Chapitre XVIII À la recherche d’une aiguade
Le lac Salinas termine le chapelet de lagunes qui se rattachent aux sierras Ventana et Guamini. De nombreuses expéditions venaient autrefois de Buenos-Ayres y faire provision de sel, car ses eaux contiennent du chlorure de sodium dans une remarquable proportion. Mais alors, l’eau volatilisée par une chaleur ardente avait déposé tout le sel qu’elle contenait en suspension, et le lac ne formait plus qu’un immense miroir resplendissant.

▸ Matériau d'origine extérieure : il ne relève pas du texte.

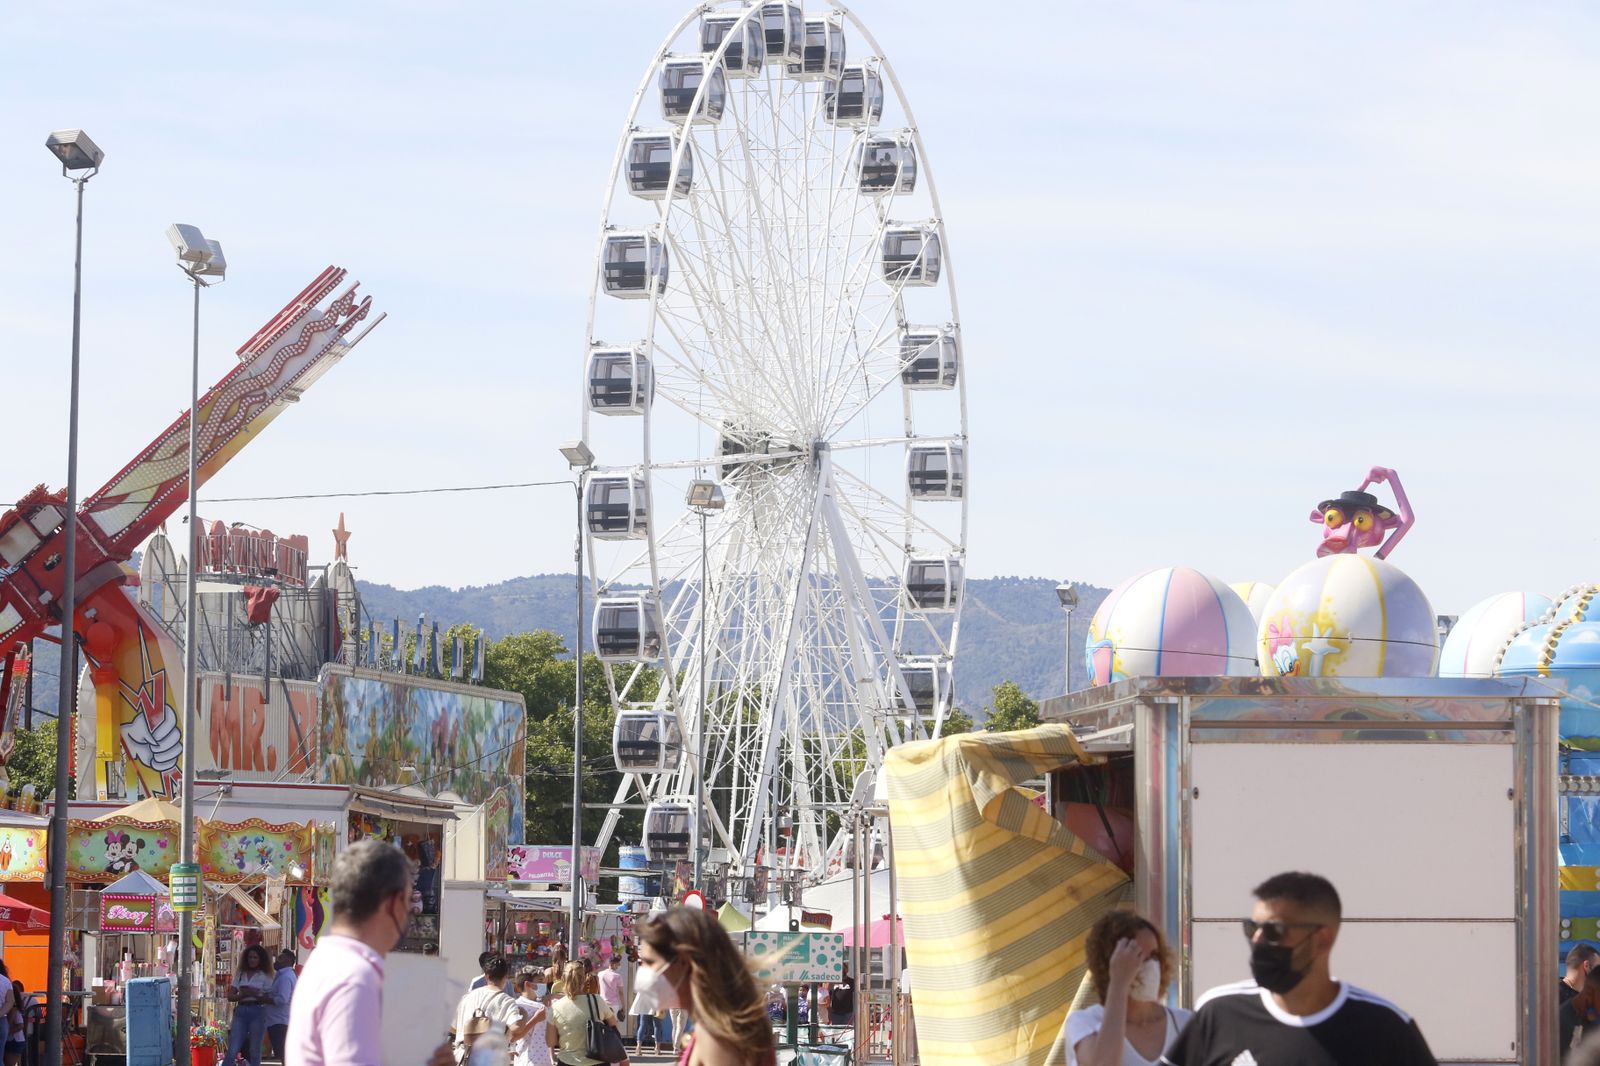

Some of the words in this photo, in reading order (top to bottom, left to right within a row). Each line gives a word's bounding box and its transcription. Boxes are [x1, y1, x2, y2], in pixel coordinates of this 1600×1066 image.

[211, 684, 276, 772] MR.
[542, 851, 563, 859] DULCE
[811, 972, 840, 980] sadeco
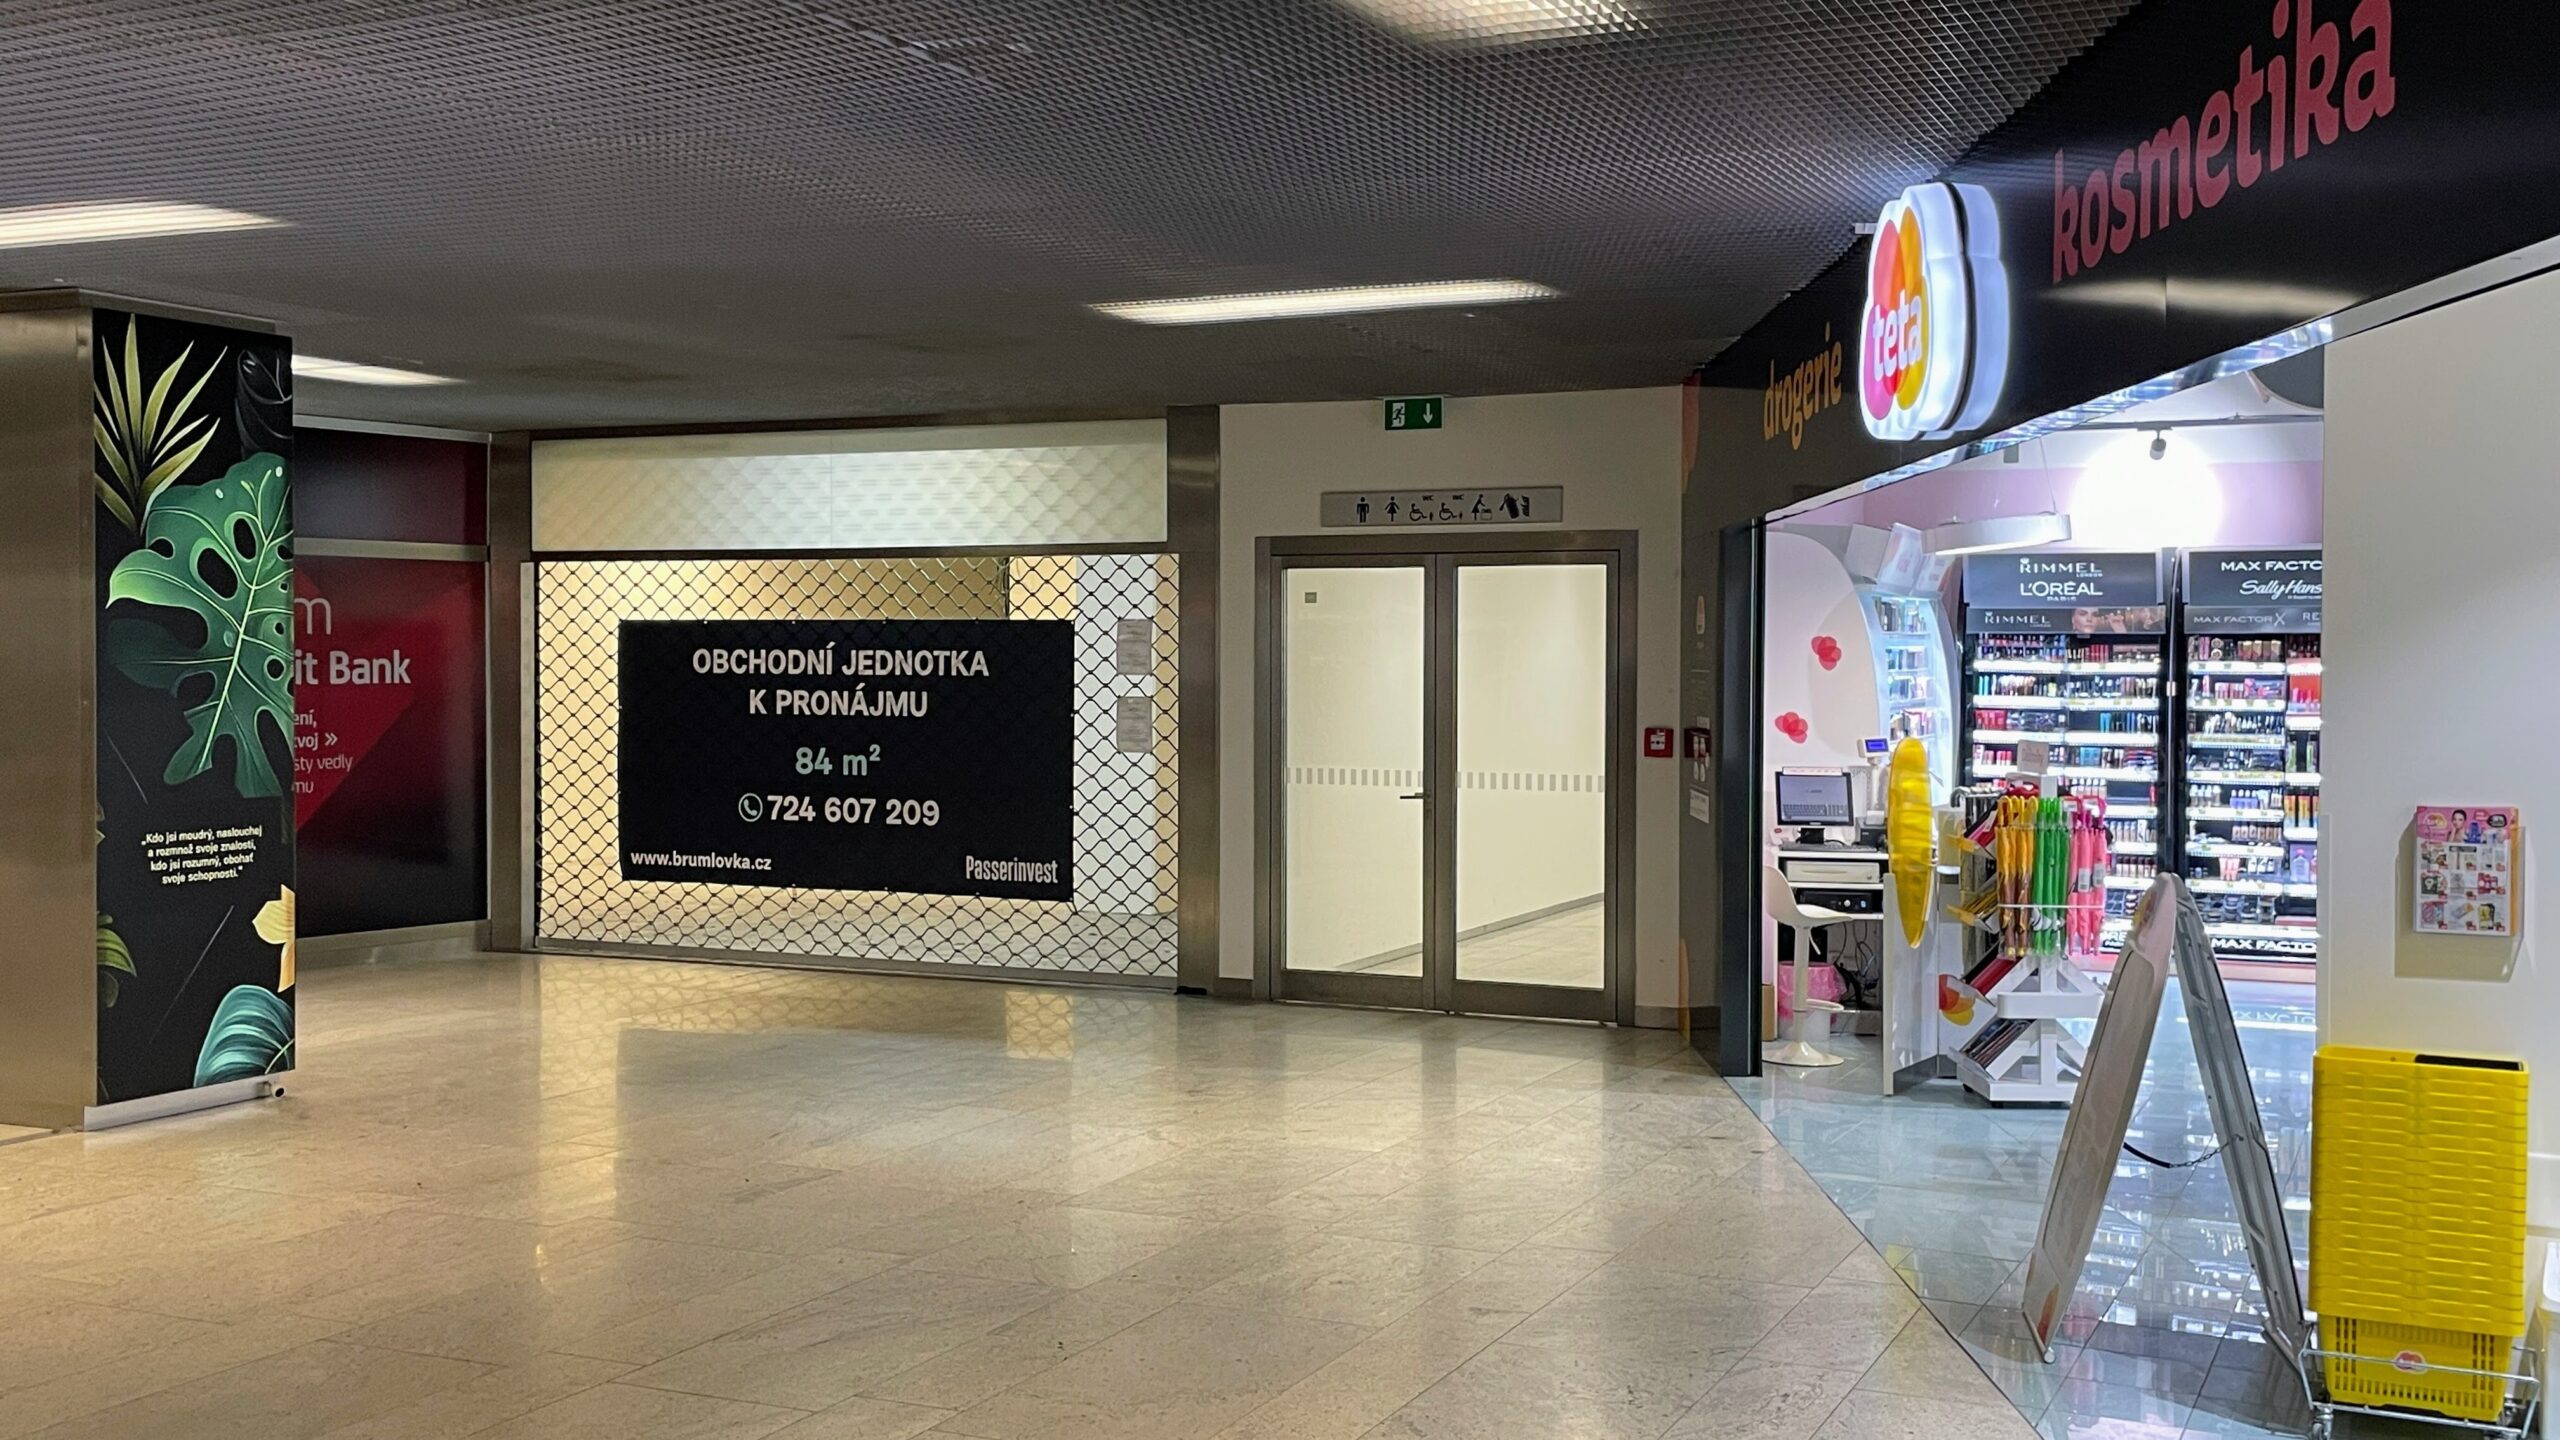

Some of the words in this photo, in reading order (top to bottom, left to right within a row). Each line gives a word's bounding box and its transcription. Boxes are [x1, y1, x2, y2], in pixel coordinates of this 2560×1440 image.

[2053, 0, 2396, 285] kosmetika
[1872, 289, 1923, 382] teta
[1763, 321, 1842, 450] drogerie
[2019, 562, 2103, 574] RIMMEL
[2220, 561, 2261, 572] MAX
[2240, 579, 2285, 601] Sally
[1984, 614, 2051, 624] RIMMEL
[2193, 615, 2221, 624] MAX
[2224, 615, 2273, 624] FACTOR
[329, 649, 412, 685] Bank
[692, 640, 836, 676] OBCHODNÍ
[841, 649, 990, 677] JEDNOTKA
[749, 689, 768, 715] K
[775, 682, 928, 718] PRONÁJMU
[294, 732, 319, 752] voj
[317, 753, 353, 772] vedly
[795, 746, 834, 775] 84
[842, 743, 881, 776] m²
[767, 794, 816, 822] 724
[824, 796, 877, 824] 607
[885, 798, 940, 827] 209
[165, 831, 177, 844] jsi
[216, 825, 262, 837] naslouchej
[147, 849, 154, 857] a
[156, 843, 193, 857] rozmnož
[195, 842, 218, 854] svoje
[150, 861, 168, 871] kdo
[169, 858, 180, 872] jsi
[630, 850, 772, 870] www.brumlovka.cz
[965, 855, 1059, 883] Passerinvest
[162, 872, 185, 885] svoje
[2211, 938, 2254, 950] MAX

Lorsque Thalcave annonça la présence d’un liquide potable au lac Salinas il entendait parler des rios d’eau douce qui s’y précipitent en maint endroit.
Mais, en ce moment, ses affluents étaient taris comme lui. L’ardent soleil avait tout bu. De là, consternation générale, quand la troupe altérée arriva sur les rives desséchées du Salinas. Il fallait prendre un parti. Le peu d’eau conservée dans les outres était à demi corrompue, et ne pouvait désaltérer. La soif commençait à se faire cruellement sentir. La faim et la fatigue disparaissaient devant cet impérieux besoin. Un «roukah», sorte de tente de cuir dressée dans un pli de terrain et abandonnée des indigènes, servit de retraite aux voyageurs épuisés, tandis que leurs chevaux, étendus sur les bords vaseux du lac, broyaient avec répugnance les plantes marines et les roseaux secs.
Lorsque chacun eut pris place dans le roukah, Paganel interrogea Thalcave et lui demanda son avis sur ce qu’il convenait de faire. Une conversation rapide, dont Glenarvan saisit quelques mots, cependant, s’établit entre le géographe et l’indien. Thalcave parlait avec calme. Paganel gesticulait pour deux.
Ce dialogue dura quelques minutes, et le patagon se croisa les bras.
«Qu’a-t-il dit? demanda Glenarvan. J’ai cru comprendre qu’il conseillait de nous séparer.
– Oui, en deux troupes, répondit Paganel. Ceux de nous dont les chevaux, accablés de fatigue et de soif, peuvent à peine mettre un pied devant l’autre, continueront tant bien que mal la route du trente-septième parallèle. Les mieux montés, au contraire, les devançant sur cette route, iront reconnaître la rivière Guamini, qui se jette dans le lac San-Lucas, à trente et un milles d’ici. Si l’eau s’y trouve en quantité suffisante, ils attendront leurs compagnons sur les bords de la Guamini. Si l’eau manque, ils reviendront au-devant d’eux pour leur épargner un voyage inutile.
– Et alors? demanda Tom Austin.
– Alors, il faudra se résoudre à descendre pendant soixante-quinze milles vers le sud, jusqu’aux premières ramifications de la sierra Ventana, où les rivières sont nombreuses.
– L’avis est bon, répondit Glenarvan, et nous le suivrons sans retard. Mon cheval n’a pas encore trop souffert du manque d’eau, et j’offre d’accompagner Thalcave.
– Oh! Mylord, emmenez-moi, dit Robert, comme s’il se fût agi d’une partie de plaisir.
– Mais pourras-tu nous suivre, mon enfant?